Há vários outros livros e tratados que se referem á essa tradição, como o Sepher Yetzirah e seus comentários, que contém a cosmogonia cabalística, o Sepher Sefiroth com suas referências, que esclarecem a teoria das séfiras, e o Asch Metzareph, que é um tratado que relaciona Cabala e alquimia, passível de ser entendido somente por quem domina o arsenal de simbolismo dessas grandes tradições. Porém, o mais importante dos tratados cabalísticos é mesmo o Sepher Há - Zohar³, não esquecendo também os livros escritos pelo grande mestre Isaac Luria, especialmente o “Livro das Revoluções das Almas” no qual esse famoso rabino desenvolve a tese da transmigração das almas e as obras de Maimônides, em especial o seu “Guia dos Perplexos”.(4)

Historicamente, porém, como bem demonstra Alexandrian em seu tratado sobre a filosofia oculta, o Sepher Há - Zhoar só aparece no Ocidente em fins do século XIII, revelado por um rabino judeu espanhol, chamado Moisés ben Schemtob (1250- 1305) mais conhecido como Moisés de León , que ensinou os princípios da Cabala nos reinos de Leão e Castela.(6) A partir de investigações conduzidas ainda na Idade Média, relatadas pelo autor acima citado, muitos estudiosos chegaram á conclusão que o Zhoar, na verdade, seria um trabalho compilado no século XIII, e dele teriam participado vários autores, a maioria oriundos da região do Languedoc, liderados por Moisés de Leon. (6) Nessa região, também conhecida como Provença, uma próspera colônia judaica florescera nos territórios dominados pelos príncipes simpáticos á doutrina cátara.(7) Todavia, ainda que se aceite esse pressuposto, não se pode negar que essa tradição já estava bem desenvolvida na Europa na época medieval, sendo de larga aplicação junto á comunidade judaica e também entre os cristãos gnósticos, anteriormente ao advento do catarismo. A prova disso é a existência de várias escolas de ensinamento cabalístico pelo continente europeu muito antes de a região do Languedoc ter se tornado a capital do misticismo na Europa e a heresia cátara a principal preocupação da Igreja de Roma. Exemplos dessas escolas foi a de Isaac, o Cego, que ensinou a Cabala entre 1160 e 1180 na Provença e seu aluno Ezra ben Salmon, que lecionou, na mesma época, essa disciplina na Espanha. Na Itália destacaram-se os famosos sábios cabalistas Abraham Abulafia (1240-1291) e na Alemanha Yehuda Ben Samuel, o Piedoso, e Eliazar, rabino de Worms (1176-1238), os mais famosos cabalistas medievais. (8)

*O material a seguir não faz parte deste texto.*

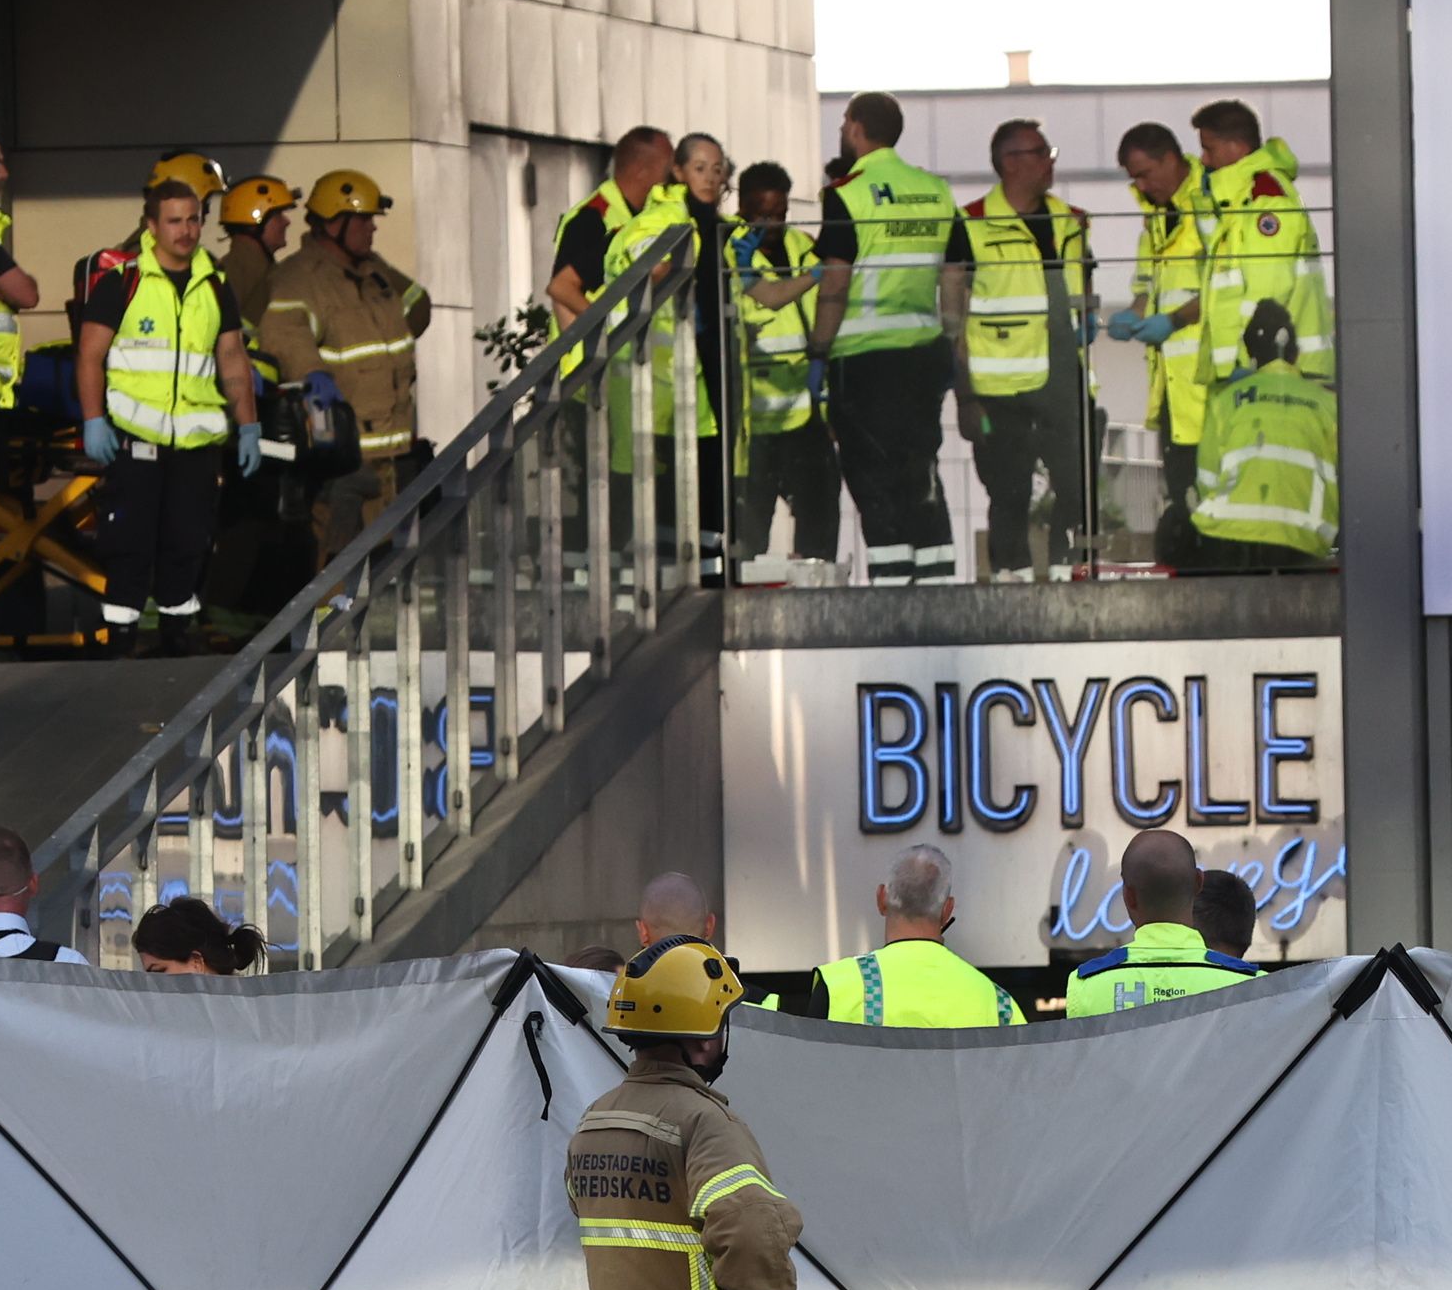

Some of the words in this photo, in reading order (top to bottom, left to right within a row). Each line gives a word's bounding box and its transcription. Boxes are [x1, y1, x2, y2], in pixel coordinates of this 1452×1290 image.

[856, 672, 1320, 834] BICYCLE
[1153, 987, 1186, 996] Region
[571, 1153, 669, 1178] VEDSTADENS
[573, 1175, 671, 1204] REDSKAB

Como já foi referido, ao longo do tempo os praticantes desse sistema desenvolveram dois tipos de aplicação para a tradição cabalística. Um deles, relacionado com as coisas divinas, foi chamado de Cabala sagrada, também dita Cabala prática ou operativa. Essa vertente trata dos elementos de magia relacionados com talismãs, rituais e cerimônias mágicas, invocativas de forças sobrenaturais. Essa tradição parece ter vindo de antigas fontes sumérias, nas quais os descendentes de Abraão se abeberaram. São fartas, no Antigo Testamento, as referências aos urins e tumins, espécie de amuletos mágicos que os patriarcas e sacerdotes hebraicos usavam para tentar adivinhar a vontade de Deus.(9)
Um dos magos dessa arte teria sido o próprio Moisés, cujas demonstrações frente aos sacerdotes egípcios e depois, quando invocou sobre o Egito as pragas e catástrofes que obrigou o faraó a libertar o povo de Israel, constitui um dos relatos mais impressionantes da Bíblia. 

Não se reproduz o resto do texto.